New Clinical Tool Assesses Health Risks for Older Adults
UCSF News reports on a new tool to assess health risks for older adults designed for physicians to assess their geriatric patients in a medical setting:
Calculating medical risk can be an inexact science, especially for older adults, with many factors from the environment to chronic diseases helping determine how long a person lives. Now, a UC San Francisco team has developed a tool that can help determine – and perhaps influence – senior citizens’ 10-year survivability rates.
This tool is designed for physicians to assess their geriatric patients in a medical setting. It is not meant for patients to conduct self-assessments. This is not meant as medical advice. Please consult your personal physician if you have questions about your health.
The simple checklist helps doctors assess health risks that influence the longevity of older adults, and according to the authors, could be an opportunity for seniors to really engage with their primary care provider in having informed discussions about their health care maintenance.
The UCSF team created a 12-item “mortality index” based on data of more than 20,000 adults over the age of 50 from 1998 until 2008, from the Health and Retirement Study (HRS), a nationally-representative sample of independently living U.S. adults. The point system was based on their risk factors and survival rate at the end of 10 years.
Their findings will be published Tuesday, March 5, in the Journal of the American Medical Association (JAMA).
Calculating medical risk can be an inexact science, especially for older adults. Many factors from environmental to chronic diseases can help determine how long a person lives.

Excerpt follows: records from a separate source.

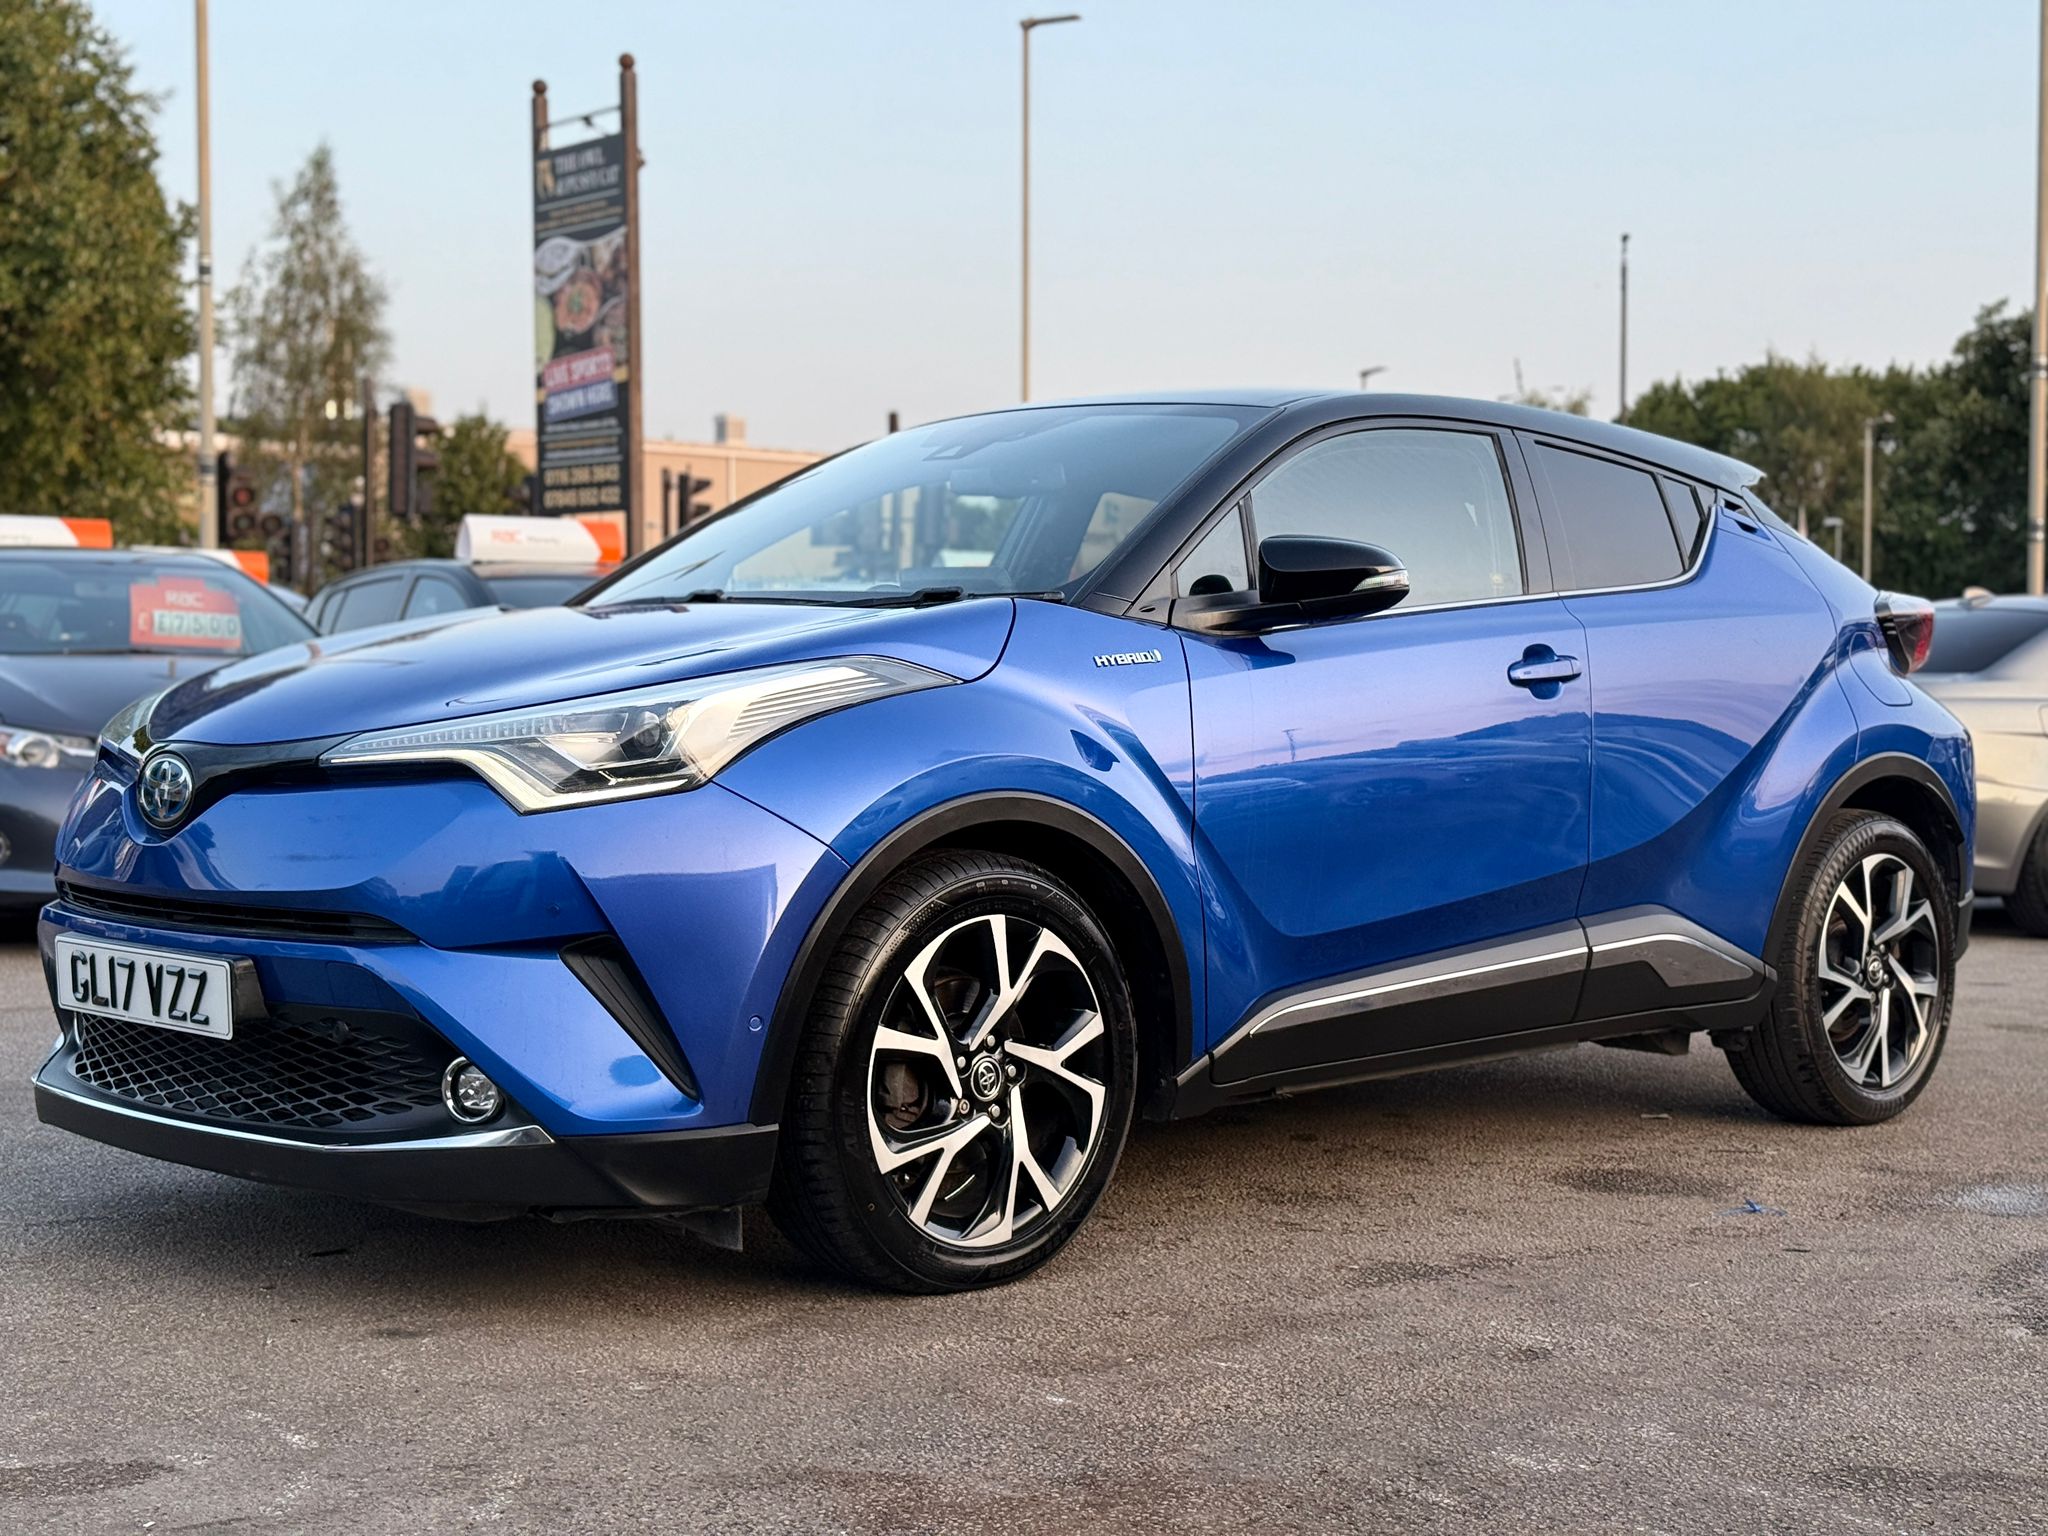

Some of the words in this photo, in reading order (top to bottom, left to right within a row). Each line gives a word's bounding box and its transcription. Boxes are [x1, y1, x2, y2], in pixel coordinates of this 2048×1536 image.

[545, 363, 569, 387] LIVE
[1093, 650, 1155, 667] HYBRID
[71, 950, 135, 1011] GL17
[144, 961, 210, 1025] VZZ
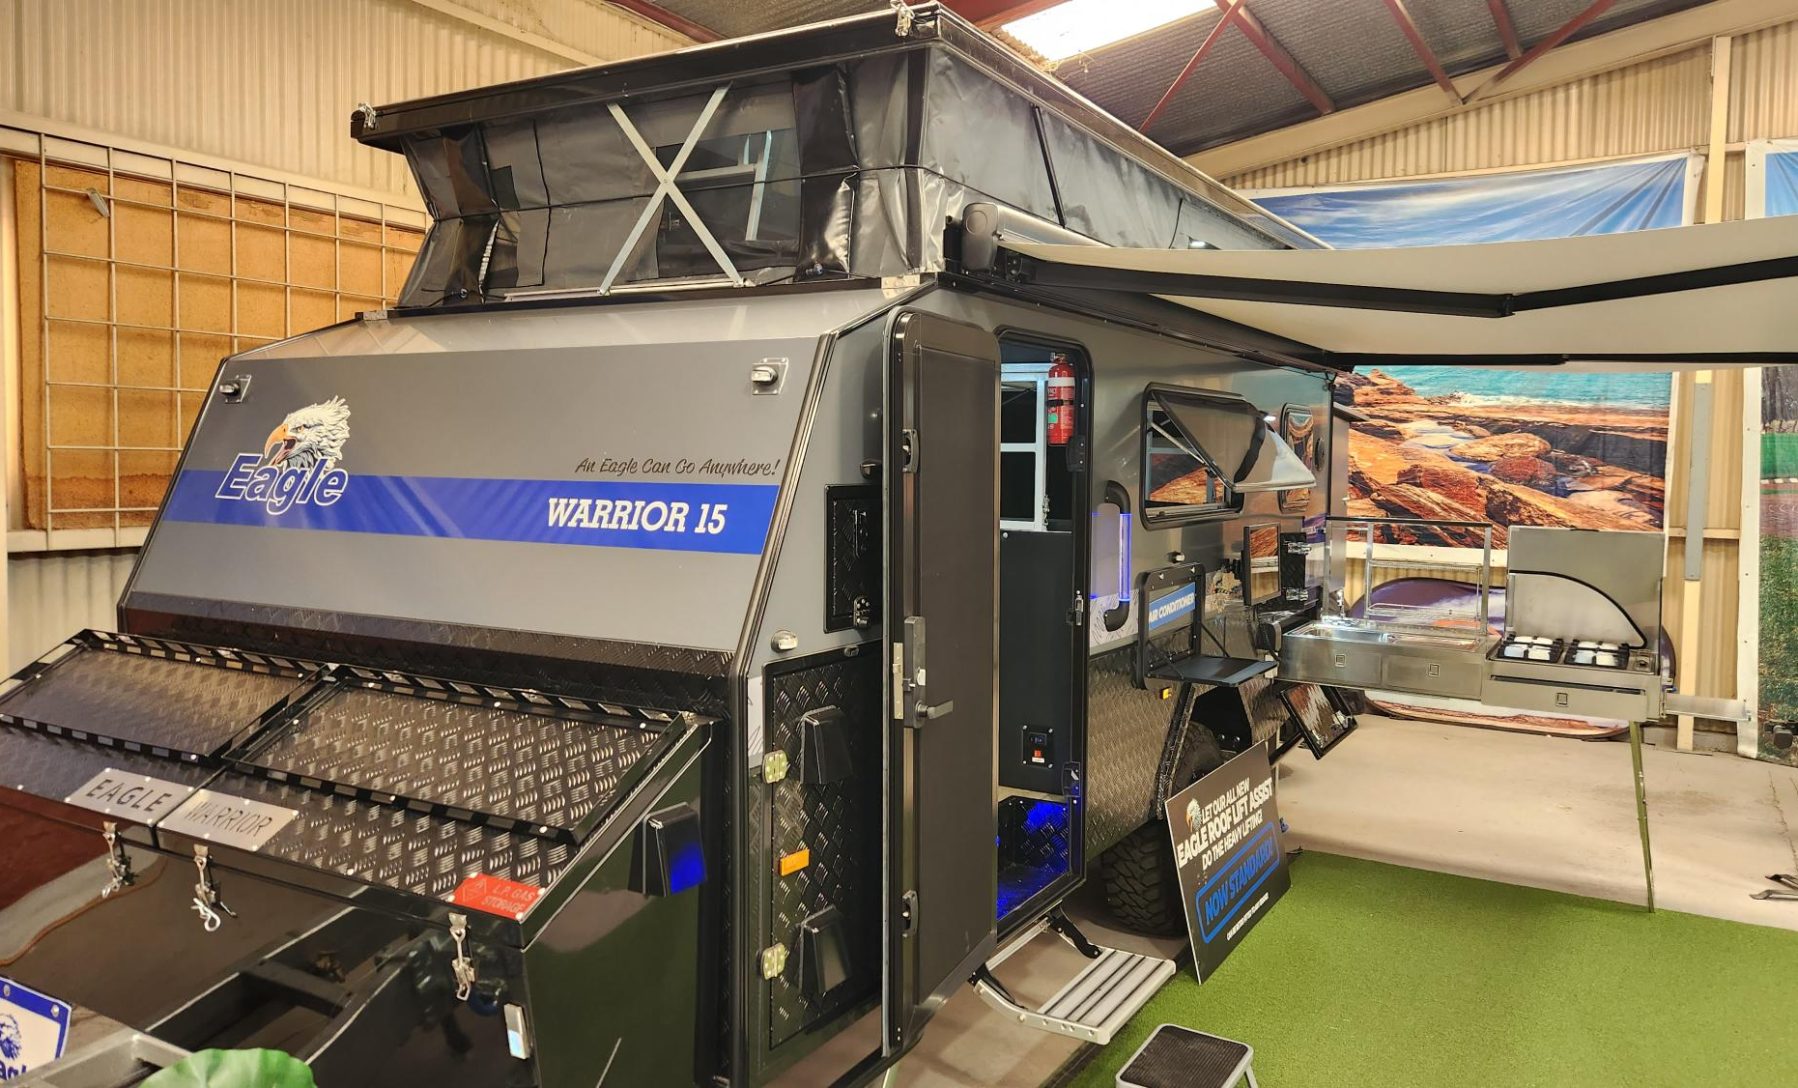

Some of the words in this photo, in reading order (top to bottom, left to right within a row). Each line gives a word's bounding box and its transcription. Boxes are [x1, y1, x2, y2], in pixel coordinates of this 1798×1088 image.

[215, 453, 349, 515] Eagle
[574, 457, 595, 473] An
[599, 458, 638, 477] Eagle
[641, 458, 671, 474] Can
[675, 459, 695, 474] Go
[698, 458, 781, 478] Anywhere!
[548, 497, 689, 533] WARRIOR
[694, 503, 728, 535] 15
[86, 779, 173, 812] EAGLE
[1201, 803, 1213, 824] LET
[1213, 795, 1226, 816] OUR
[1226, 787, 1237, 806] ALL
[1236, 777, 1250, 799] NEW
[186, 800, 273, 837] WARRIOR
[1177, 825, 1209, 868] EAGLE
[1208, 805, 1233, 843] ROOF
[1232, 794, 1249, 825] LIFT
[1249, 777, 1273, 812] ASSIST
[1202, 851, 1212, 870] DO
[1212, 840, 1225, 862] THE
[1224, 824, 1242, 852] HEAVY
[481, 896, 526, 913] STORAGE
[511, 889, 535, 901] GAS
[1205, 881, 1229, 926] NOW
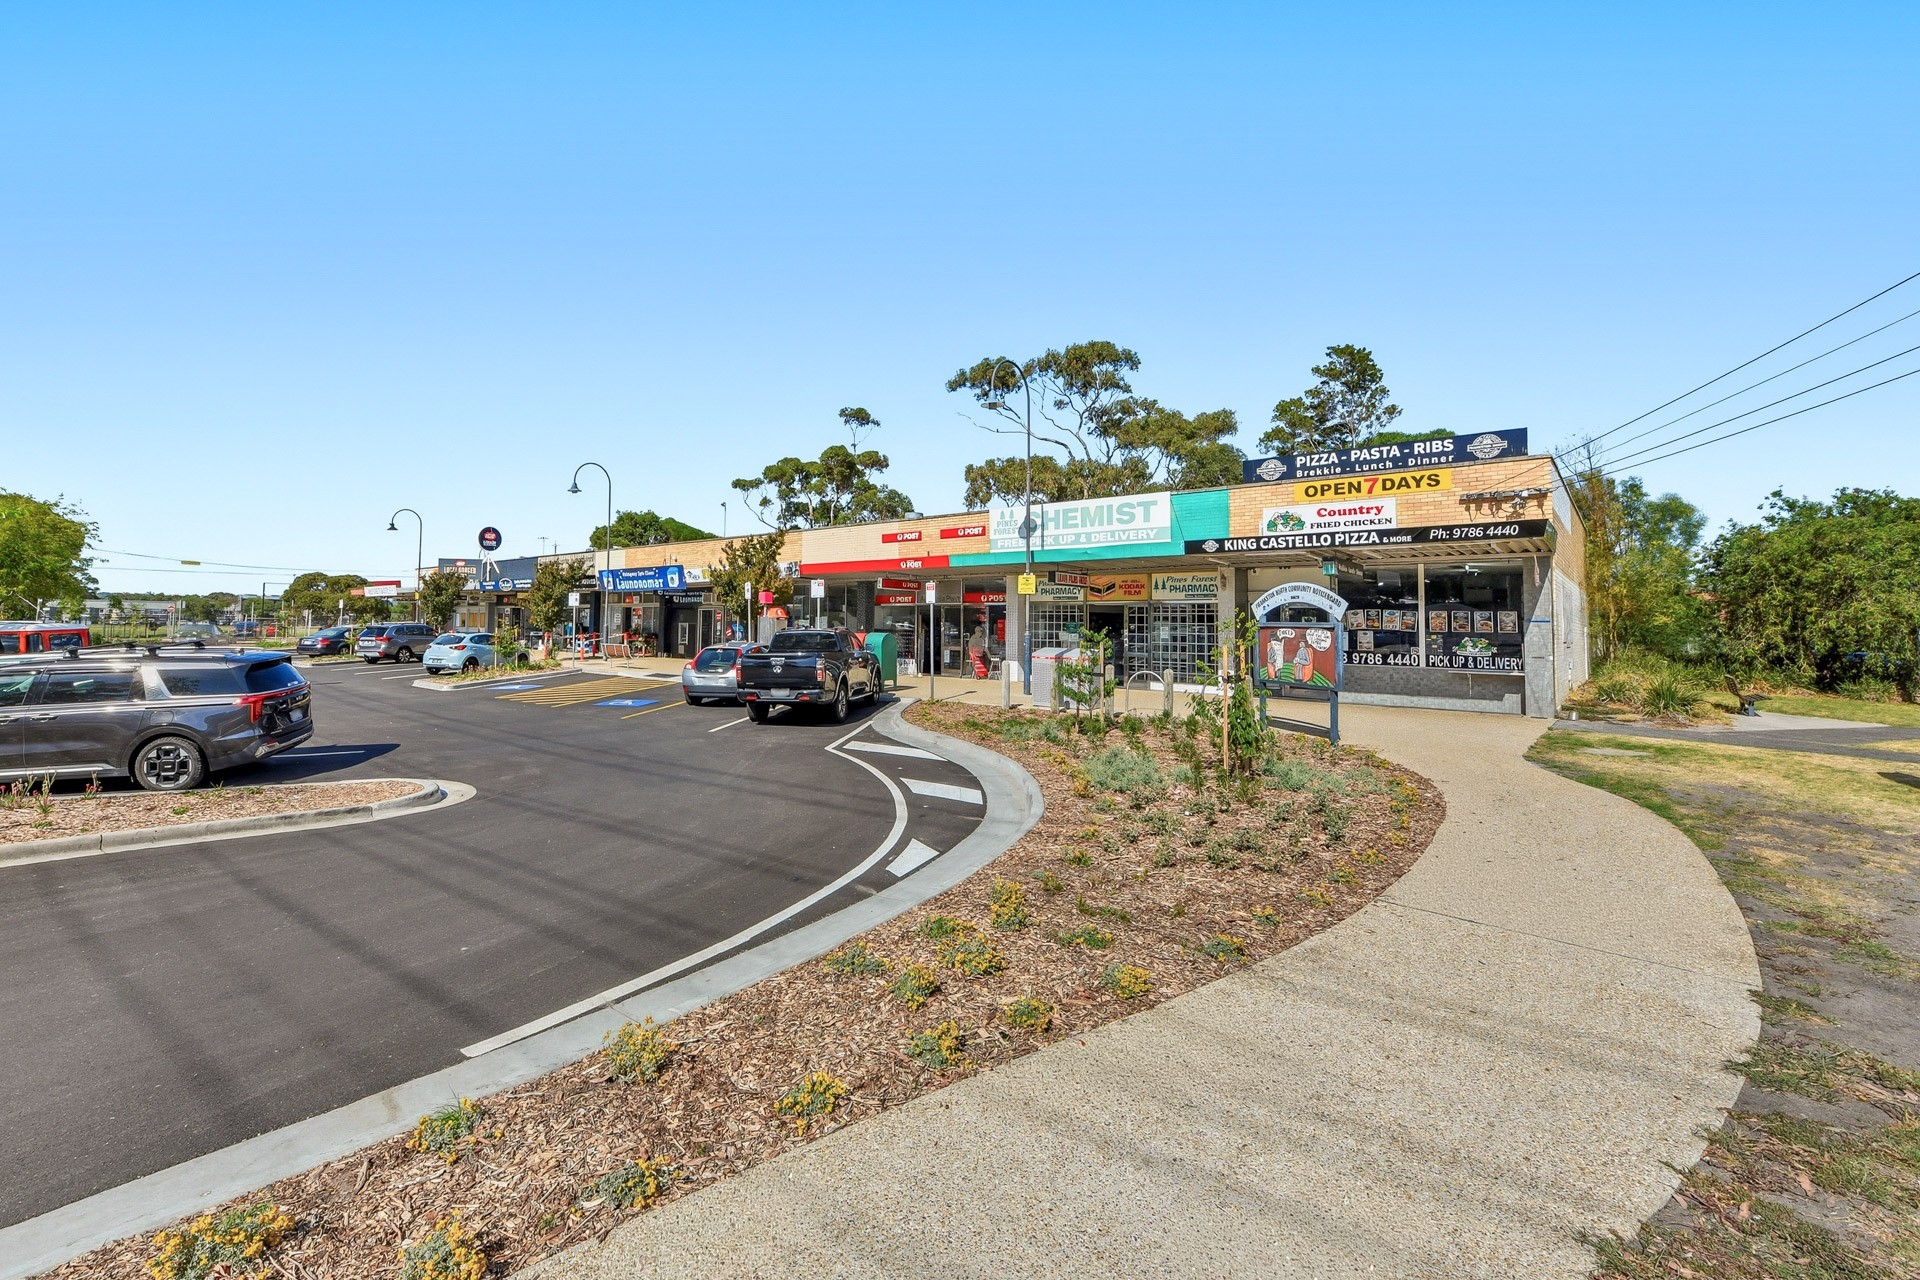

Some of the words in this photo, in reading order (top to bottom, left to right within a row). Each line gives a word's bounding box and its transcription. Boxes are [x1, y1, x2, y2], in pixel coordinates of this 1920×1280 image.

[1296, 452, 1339, 468] PIZZA
[1351, 445, 1401, 462] PASTA
[1414, 439, 1454, 455] RIBS
[1296, 466, 1341, 478] Brekkie
[1355, 460, 1393, 471] Lunch
[1408, 454, 1454, 466] Dinner
[1304, 480, 1362, 498] OPEN
[1363, 477, 1380, 495] 7
[1381, 473, 1440, 491] DAYS
[1316, 504, 1385, 518] Country
[1310, 521, 1341, 529] FRIED
[1343, 517, 1393, 528] CHICKEN
[903, 532, 920, 540] POST
[965, 527, 983, 535] POST
[1429, 528, 1449, 540] Ph:
[1452, 526, 1484, 538] 9786
[1486, 525, 1519, 537] 4440
[997, 538, 1025, 549] FREE
[1059, 535, 1074, 544] UP
[1079, 535, 1087, 543] &
[1091, 529, 1158, 542] DELIVERY
[1224, 537, 1257, 551] KING
[1259, 533, 1331, 549] CASTELLO
[1334, 531, 1380, 546] PIZZA
[1389, 535, 1412, 543] MORE
[1166, 576, 1188, 584] Pines
[1191, 575, 1217, 583] Forest
[1040, 587, 1082, 596] PHARMACY
[1288, 585, 1312, 593] COMMUNITY
[1352, 652, 1382, 665] 9786
[1387, 653, 1419, 666] 4440
[1429, 654, 1450, 667] PICK
[1453, 655, 1465, 668] UP
[1467, 656, 1475, 669] &
[1477, 657, 1523, 670] DELIVERY

“The most important thing we found was the risk factors that go into estimating shorter intermediate survival are very similar to risk factors that go into estimating the likelihood of longer-term survival,” said first author Marisa Cruz, MD, a clinical fellow with the UCSF School of Medicine. “We also found that building a tool that clinicians can use to estimate that likelihood of longer-term survival requires considering many different types of risk factors.